## Description of the task
The pictures must be left out, while the rest of the data is copied exactly.

Dataset excerpts
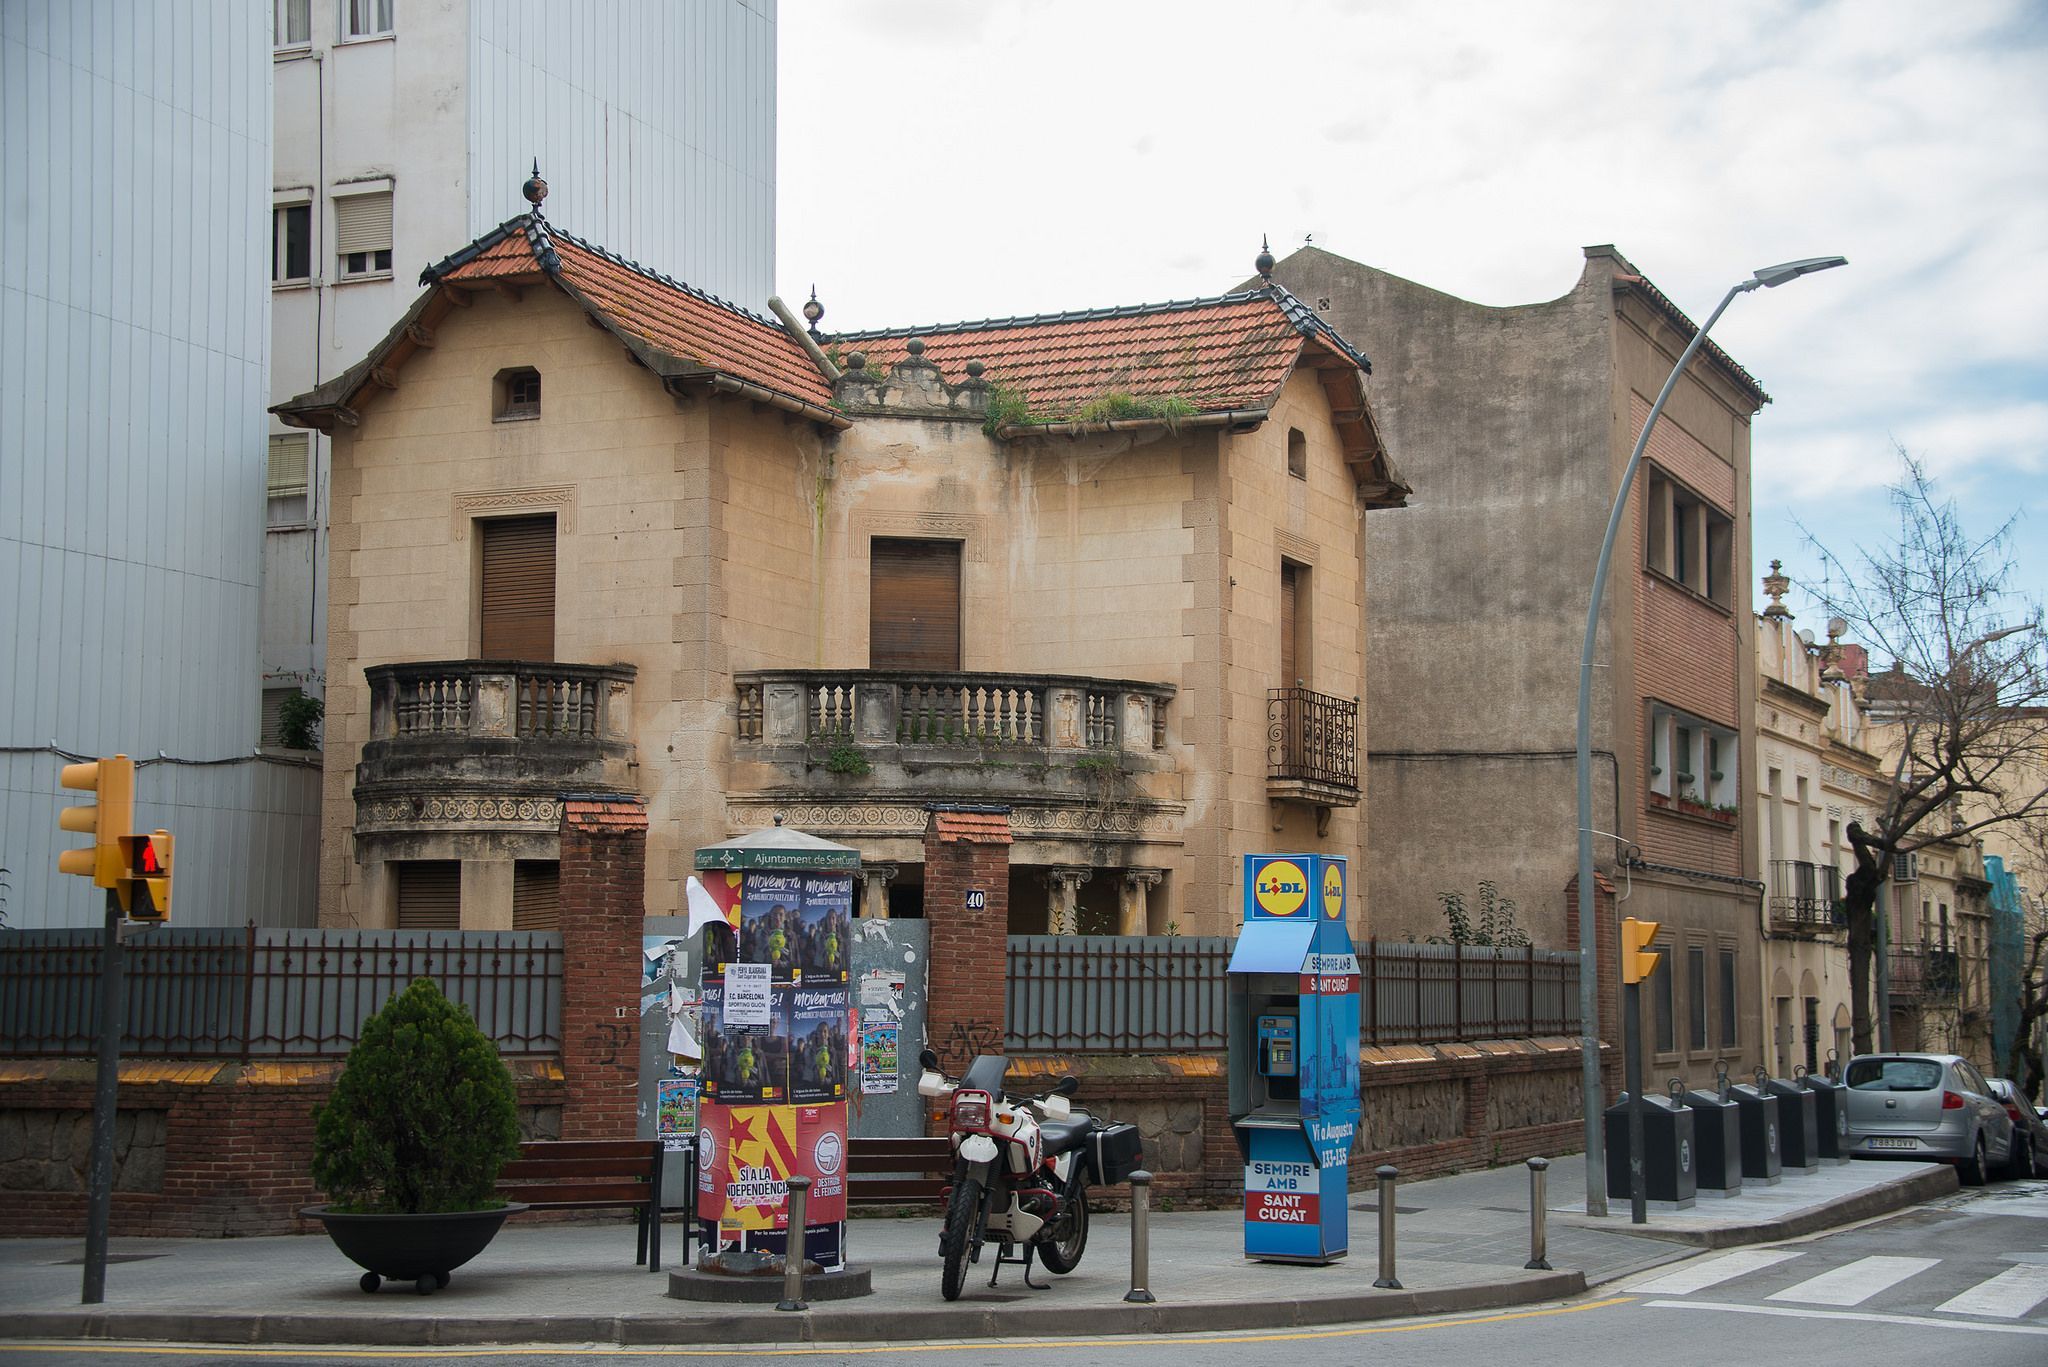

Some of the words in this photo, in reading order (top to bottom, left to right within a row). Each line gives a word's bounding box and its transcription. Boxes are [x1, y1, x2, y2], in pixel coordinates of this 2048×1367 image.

[754, 853, 811, 865] Ajuntament
[813, 854, 825, 865] de
[967, 893, 984, 908] 40
[1312, 957, 1338, 970] SEMPRE
[1339, 957, 1350, 970] AMB
[1312, 1123, 1326, 1142] Via
[1326, 1120, 1352, 1144] Augusta
[1322, 1147, 1347, 1168] 133-135
[740, 1166, 749, 1182] SÍ
[750, 1168, 758, 1181] A
[759, 1167, 771, 1180] LA
[1255, 1163, 1310, 1177] SEMPRE
[726, 1179, 789, 1197] NDEPENDÈNCIA
[1266, 1177, 1298, 1190] AMB
[814, 1188, 821, 1197] EL
[1264, 1194, 1301, 1208] SANT
[1258, 1208, 1307, 1222] CUGAT
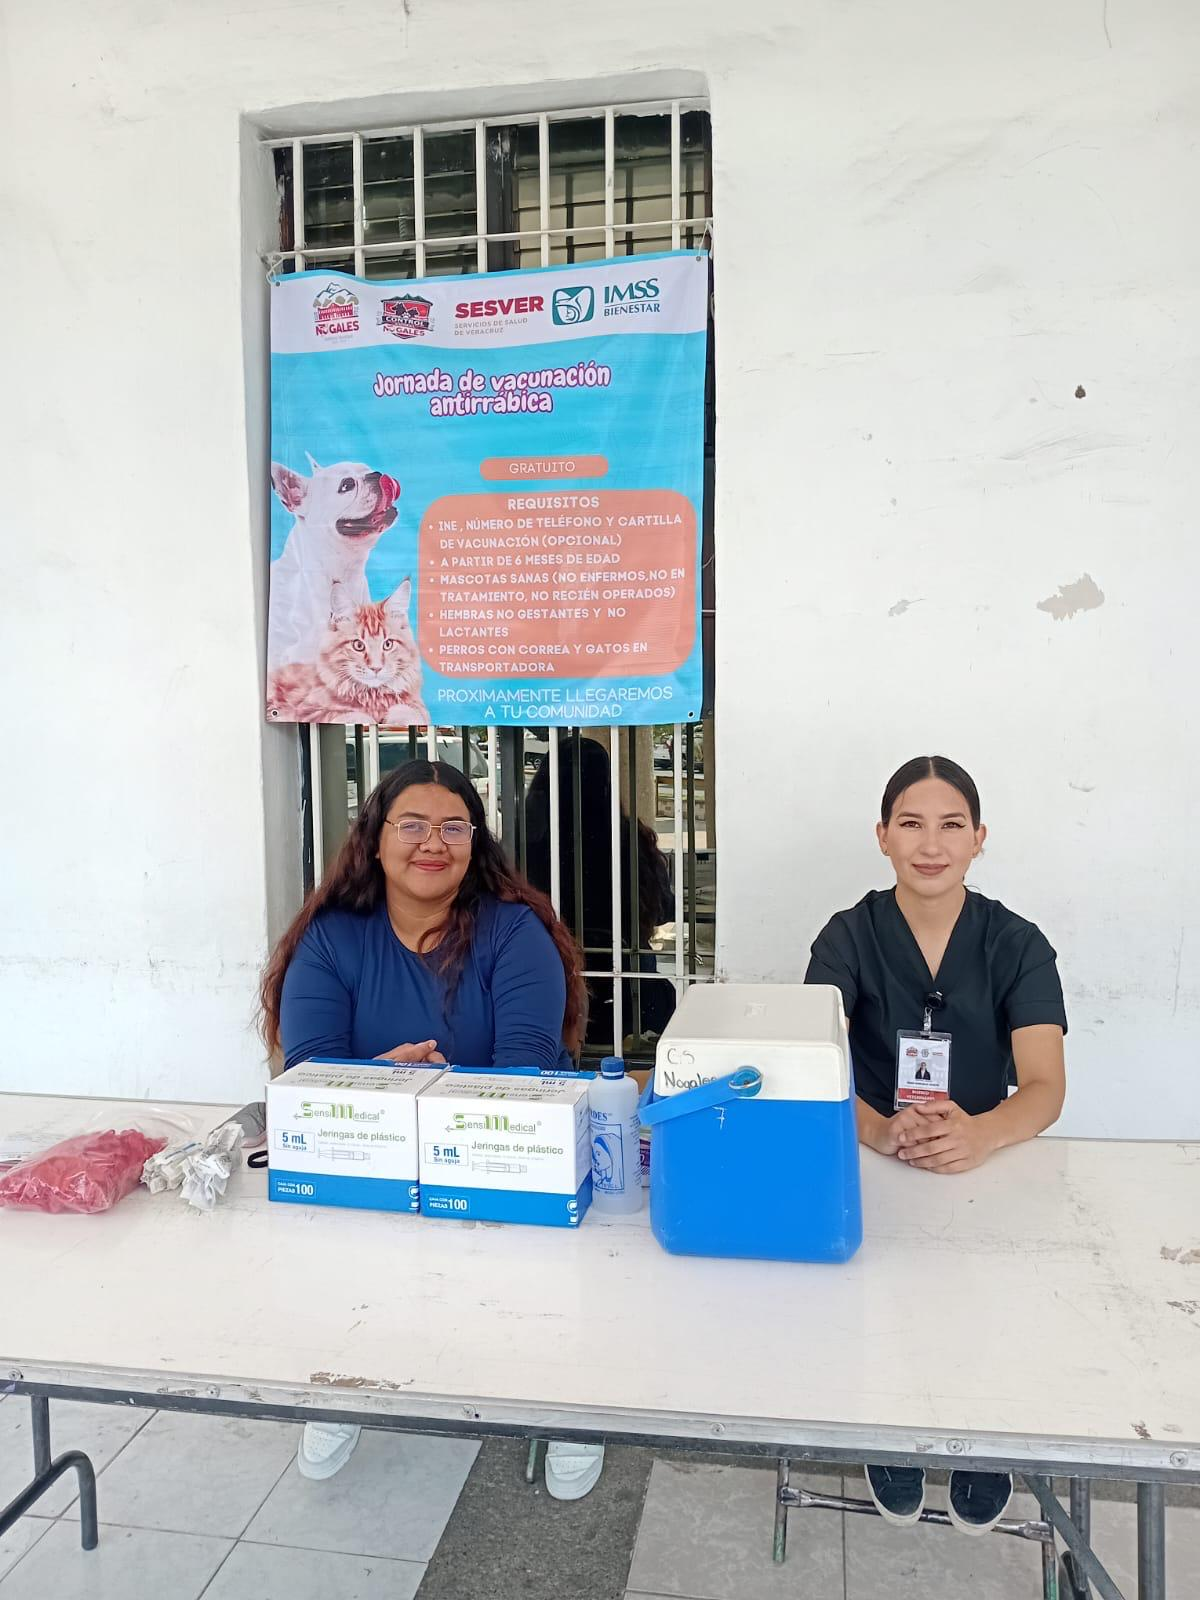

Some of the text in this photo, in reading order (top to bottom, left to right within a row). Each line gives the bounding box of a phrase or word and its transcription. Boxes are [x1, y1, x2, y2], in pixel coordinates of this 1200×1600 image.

[604, 278, 659, 304] IMSS
[455, 296, 544, 319] SESVER
[604, 304, 660, 316] BIENESTAR
[385, 317, 424, 326] CONTROL
[455, 320, 492, 329] SERVICIOS
[466, 327, 504, 335] VERACRUZ
[374, 360, 611, 397] Jornada de vacunación
[430, 389, 553, 417] antirrábica
[509, 462, 576, 474] GRATUITO
[508, 496, 600, 510] REQUISITOS
[466, 518, 514, 530] NÚMERO
[518, 519, 533, 528] DE
[536, 515, 602, 528] TELÉFONO
[606, 516, 614, 527] Y
[618, 514, 682, 527] CARTILLA
[440, 534, 622, 549] DE VACUNACIÓN (OPCIONAL)
[441, 553, 620, 566] A PARTIR DE 6 MESES DE EDAD
[440, 574, 507, 584] MASCOTAS
[510, 572, 549, 583] SANAS
[552, 572, 577, 583] (NO
[671, 568, 685, 579] EN
[440, 586, 676, 602] TRATAMIENTO, NO RECIÉN OPERADOS)
[440, 607, 626, 620] HEMBRAS NO GESTANTES Y NO
[440, 626, 508, 637] LACTANTES
[440, 642, 648, 655] PERROS CON CORREA Y GATOS EN
[440, 661, 554, 672] TRANSPORTADORA
[438, 686, 672, 703] PROXIMAMENTE LLEGAREMOS
[484, 704, 622, 718] A TU COMUNIDAD
[713, 1107, 726, 1130] 7
[282, 1132, 306, 1144] 5 mL
[317, 1128, 406, 1142] Jeringas de plástico
[434, 1146, 439, 1156] 5
[444, 1147, 460, 1157] mL
[471, 1141, 564, 1154] Jeringas de plástico
[296, 1184, 313, 1195] 100
[448, 1199, 467, 1210] 100

## Task output
Some of the words in this photo, in reading order (top to bottom, left to right within a row). Each line gives a word's bounding box and its transcription. Boxes are [x1, y1, x2, y2], in pixel coordinates of this 2048×1367 image.

[754, 853, 811, 865] Ajuntament
[813, 854, 825, 865] de
[967, 893, 984, 908] 40
[1312, 957, 1338, 970] SEMPRE
[1339, 957, 1350, 970] AMB
[1312, 1123, 1326, 1142] Via
[1326, 1120, 1352, 1144] Augusta
[1322, 1147, 1347, 1168] 133-135
[740, 1166, 749, 1182] SÍ
[750, 1168, 758, 1181] A
[759, 1167, 771, 1180] LA
[1255, 1163, 1310, 1177] SEMPRE
[726, 1179, 789, 1197] NDEPENDÈNCIA
[1266, 1177, 1298, 1190] AMB
[814, 1188, 821, 1197] EL
[1264, 1194, 1301, 1208] SANT
[1258, 1208, 1307, 1222] CUGAT

Some of the text in this photo, in reading order (top to bottom, left to right within a row). Each line gives the bounding box of a phrase or word and its transcription. Boxes are [x1, y1, x2, y2], in pixel coordinates of this 1200×1600 image.

[604, 278, 659, 304] IMSS
[455, 296, 544, 319] SESVER
[604, 304, 660, 316] BIENESTAR
[385, 317, 424, 326] CONTROL
[455, 320, 492, 329] SERVICIOS
[466, 327, 504, 335] VERACRUZ
[374, 360, 611, 397] Jornada de vacunación
[430, 389, 553, 417] antirrábica
[509, 462, 576, 474] GRATUITO
[508, 496, 600, 510] REQUISITOS
[466, 518, 514, 530] NÚMERO
[518, 519, 533, 528] DE
[536, 515, 602, 528] TELÉFONO
[606, 516, 614, 527] Y
[618, 514, 682, 527] CARTILLA
[440, 534, 622, 549] DE VACUNACIÓN (OPCIONAL)
[441, 553, 620, 566] A PARTIR DE 6 MESES DE EDAD
[440, 574, 507, 584] MASCOTAS
[510, 572, 549, 583] SANAS
[552, 572, 577, 583] (NO
[671, 568, 685, 579] EN
[440, 586, 676, 602] TRATAMIENTO, NO RECIÉN OPERADOS)
[440, 607, 626, 620] HEMBRAS NO GESTANTES Y NO
[440, 626, 508, 637] LACTANTES
[440, 642, 648, 655] PERROS CON CORREA Y GATOS EN
[440, 661, 554, 672] TRANSPORTADORA
[438, 686, 672, 703] PROXIMAMENTE LLEGAREMOS
[484, 704, 622, 718] A TU COMUNIDAD
[713, 1107, 726, 1130] 7
[282, 1132, 306, 1144] 5 mL
[317, 1128, 406, 1142] Jeringas de plástico
[434, 1146, 439, 1156] 5
[444, 1147, 460, 1157] mL
[471, 1141, 564, 1154] Jeringas de plástico
[296, 1184, 313, 1195] 100
[448, 1199, 467, 1210] 100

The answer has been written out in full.